The stiffness optimization is first conducted using the BESO method with Vf* = 50%, rmin = 1 m, and ER = 1%. The corresponding stiffness design is presented in Fig. 6b. The design exhibits a concentration of material in the lower part of the structure, while the upper part features thinner structural members. Upon applying the wind load on both sides, the first buckling modes are observed in Fig. 6c and d, where a localized buckling is clearly evident at the top of the structure (indicated by the red circle). Additionally, a high level of strain energy density is observed in the upper part of the structure, while the lower part possesses relatively low strain energy density. The lowest BLF \({\lambda }_{1}^{C}\) of the stiffness design is only 0.127, corresponding to a critical load \(P_{cr} = \lambda_{1}^{C} \times P = 127 {\text{kN}}\). Therefore, the obtained stiffness design cannot be used in practical applications, as it may be susceptible to severe buckling issues.

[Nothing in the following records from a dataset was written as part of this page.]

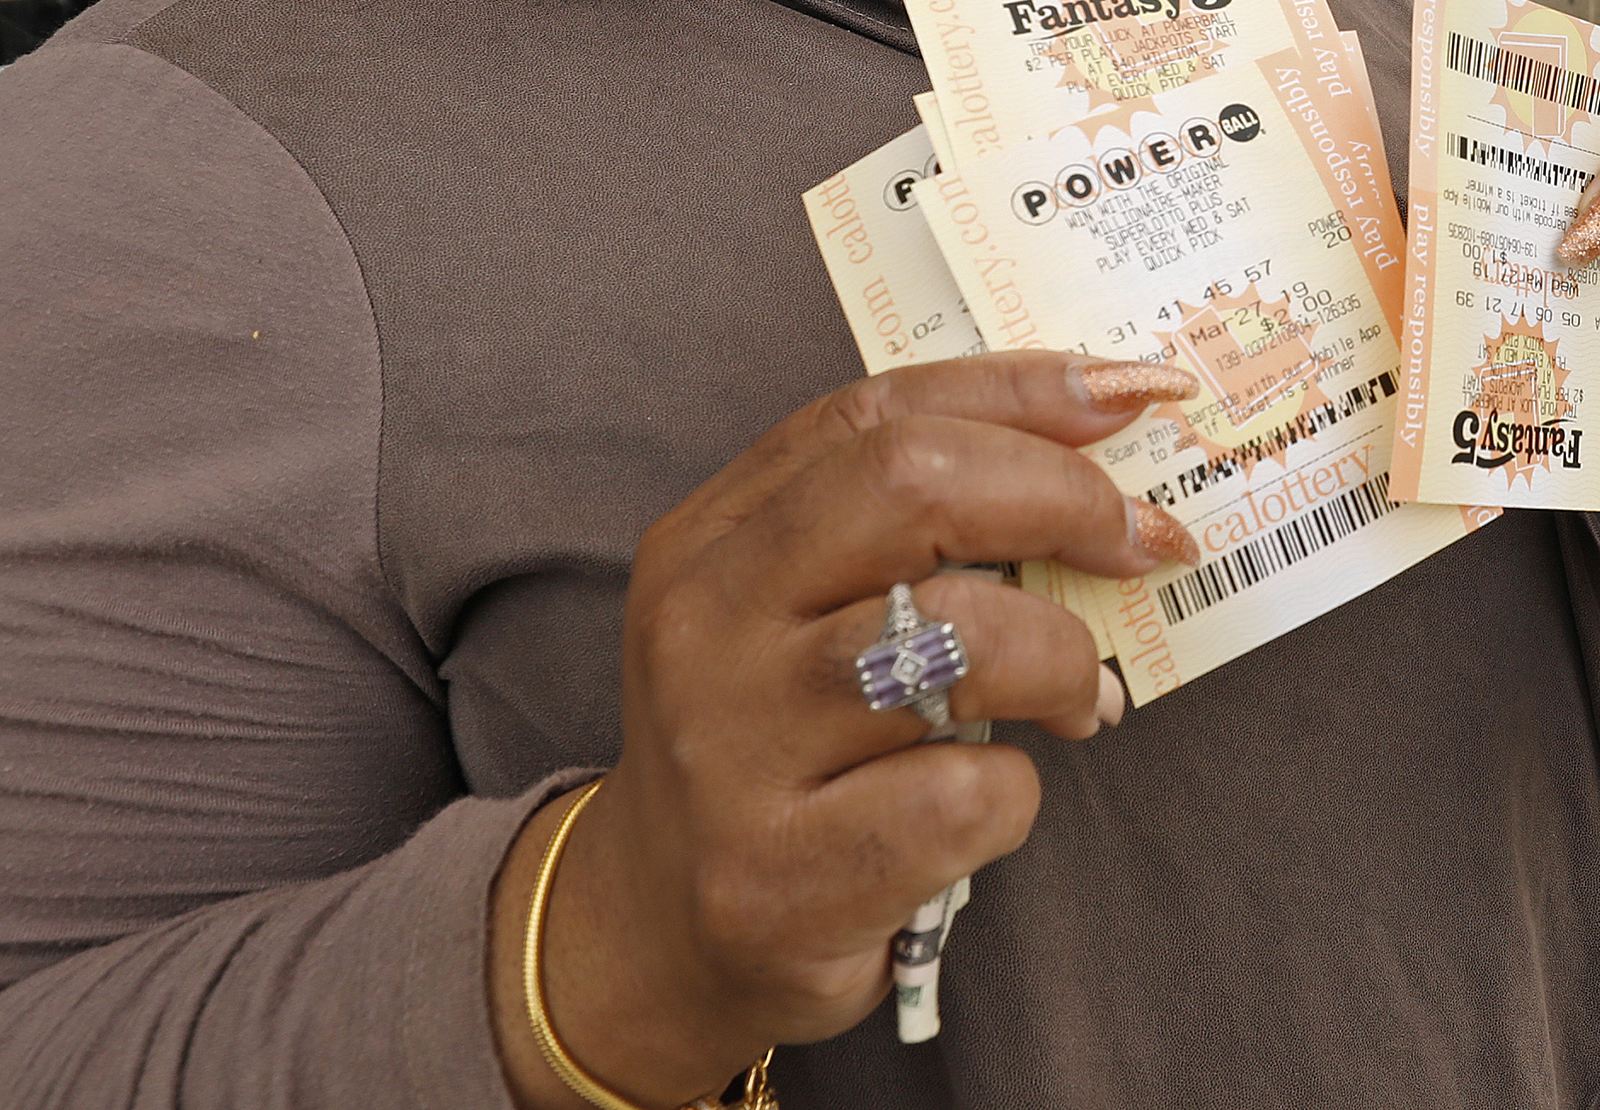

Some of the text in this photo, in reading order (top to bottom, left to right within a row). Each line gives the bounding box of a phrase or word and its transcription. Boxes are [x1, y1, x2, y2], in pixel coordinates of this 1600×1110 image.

[1062, 35, 1094, 50] YOUR
[1141, 24, 1156, 37] AT
[1164, 12, 1235, 33] POWERBALL
[1131, 32, 1195, 53] JACKPOTS
[1200, 24, 1238, 41] START
[1066, 78, 1101, 94] PLAY
[1108, 70, 1149, 88] EVERY
[1157, 63, 1182, 78] WED
[1201, 54, 1227, 69] SAT
[1111, 76, 1191, 101] QUICK PICK
[1065, 211, 1094, 230] WIN
[1136, 184, 1162, 204] THE
[1166, 156, 1230, 187] ORIGINAL
[1443, 189, 1567, 233] App Mobile our with barcode
[1465, 179, 1496, 200] winner
[1520, 196, 1547, 214] ticket
[1096, 250, 1131, 274] PLAY
[1134, 230, 1177, 257] EVERY
[1184, 214, 1209, 234] WED
[1225, 197, 1252, 219] SAT
[1105, 192, 1223, 251] SUPERLOTTO PLUS
[1308, 210, 1348, 237] POWER
[1322, 225, 1352, 249] 20
[1142, 230, 1224, 271] QUICK PICK
[1473, 261, 1488, 277] 19
[1107, 259, 1273, 345] 31 41 45 57
[1280, 281, 1310, 304] 19
[1551, 277, 1580, 297] Wed
[912, 312, 946, 340] 02
[1400, 204, 1433, 449] play responsibly
[1455, 290, 1600, 330] A 05 06 17 21 39
[1477, 343, 1492, 360] SAT
[1103, 439, 1142, 467] Scan
[1147, 421, 1181, 446] this
[1184, 392, 1242, 427] barcode
[1244, 373, 1278, 400] with
[1310, 336, 1355, 364] Mobile
[1358, 322, 1383, 345] App
[1150, 449, 1168, 465] to
[1225, 396, 1275, 428] ticket
[1313, 352, 1358, 383] winner
[1573, 388, 1584, 403] $2
[1203, 445, 1373, 554] calottery
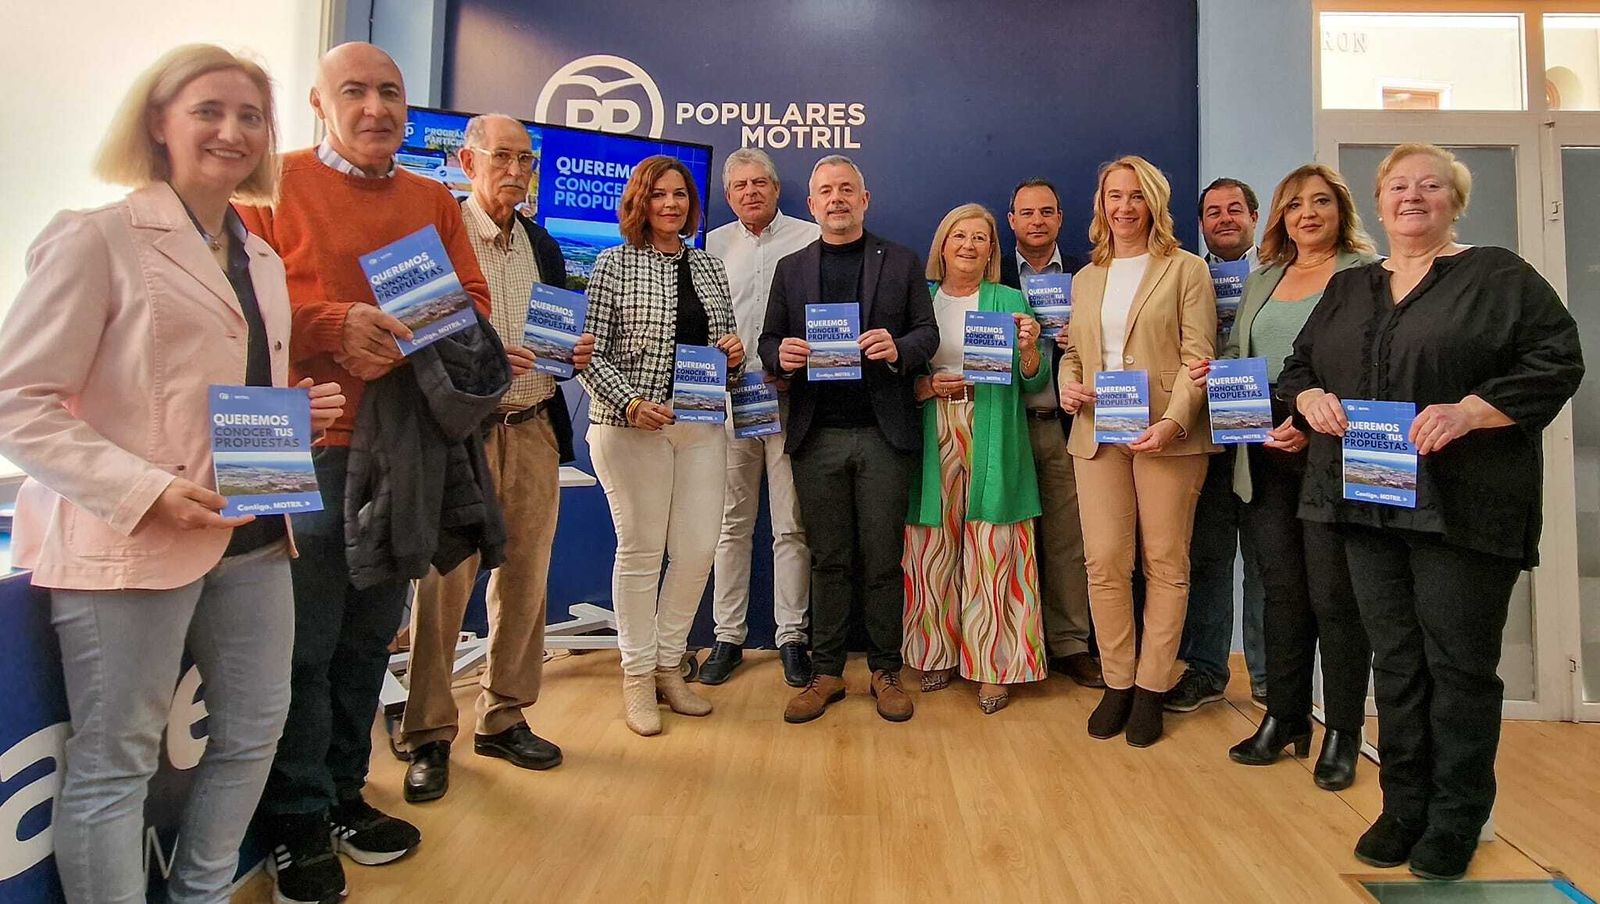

The buckling-constrained optimization is conducted using the BESO approach in this example. The parameters employed in the optimization include ER = 0.1%, rmin = 0.75 m, and \(\underline {\lambda } = 10 \times \lambda_{1}^{C} = 1.27\). The resulting buckling-reinforced structure is shown in Fig. 7a, where the material is relocated from the lower part of the structure to the upper part. Thin members in the upper part are separated, and additional members are generated to resist buckling (as indicated by the red circle). The first buckling modes, illustrated in Fig. 7b and c, show that the buckling-reinforce structure exhibits a more global buckling mode, and the strain energy density distributes more evenly compared to that of the stiffness design (Fig. 6c and d). The lowest BLF \({\lambda }_{1}^{B}\) of the buckling-reinforced design is increased to 1.27, corresponding to a much higher critical load \(P_{cr} = \lambda_{1}^{B} \times P = 1270 {\text{kN}}\). Moreover, the stiffness of the buckling-reinforced structure is decreased by only 1.0% compared to that of the stiffness design.

Fig. 7
figure 7

Buckling-constrained optimization: a optimization result and b first buckling mode under left wind load; and c first buckling mode under right wind load. Buckling modes are colored from blue to red, corresponding to the logarithm of normalized strain energy density from low to high

This example clearly illustrates the vital necessity of accounting for buckling effects in architectural design. Stiffness designs may be prone to severe buckling issues, which can compromise the structural safety of civil constructions. In contrast, the implementation of the proposed buckling-constrained topology optimization algorithm offers a robust solution for achieving more efficient and stable designs in civil engineering. By integrating buckling constraints into the optimization process, this algorithm ensures that the resulting designs are not only structurally sound but also aesthetically appealing.

6 Conclusions

This study has comprehensively explored the application of topology optimization considering buckling through the use of the BESO method. The focus on buckling considerations is a critical advancement for enhancing the reliability and safety of civil structures. Through a series of detailed numerical examples, including a compressed column, a frame structure, and a high-rise building, the study has demonstrated the effectiveness of the BESO method in significantly enhancing structural stability with minimal compromises to compliance. These examples not only underscore the algorithm’s capability in maximizing the buckling load factor and addressing buckling-constrained problems but also highlight its practical applicability in real-world scenarios. The detailed mathematical modeling, sensitivity analyses, and optimization procedures presented provide a robust framework for engineers and researchers aiming to effectively integrate buckling considerations into structural design. This approach not only ensures structural integrity but also optimizes material usage, making it a sustainable choice for future engineering projects. For future research, extending the current algorithm to 3D structures and exploring parallel computing for large-scale applications is essential for broader practical use in real-world engineering problems.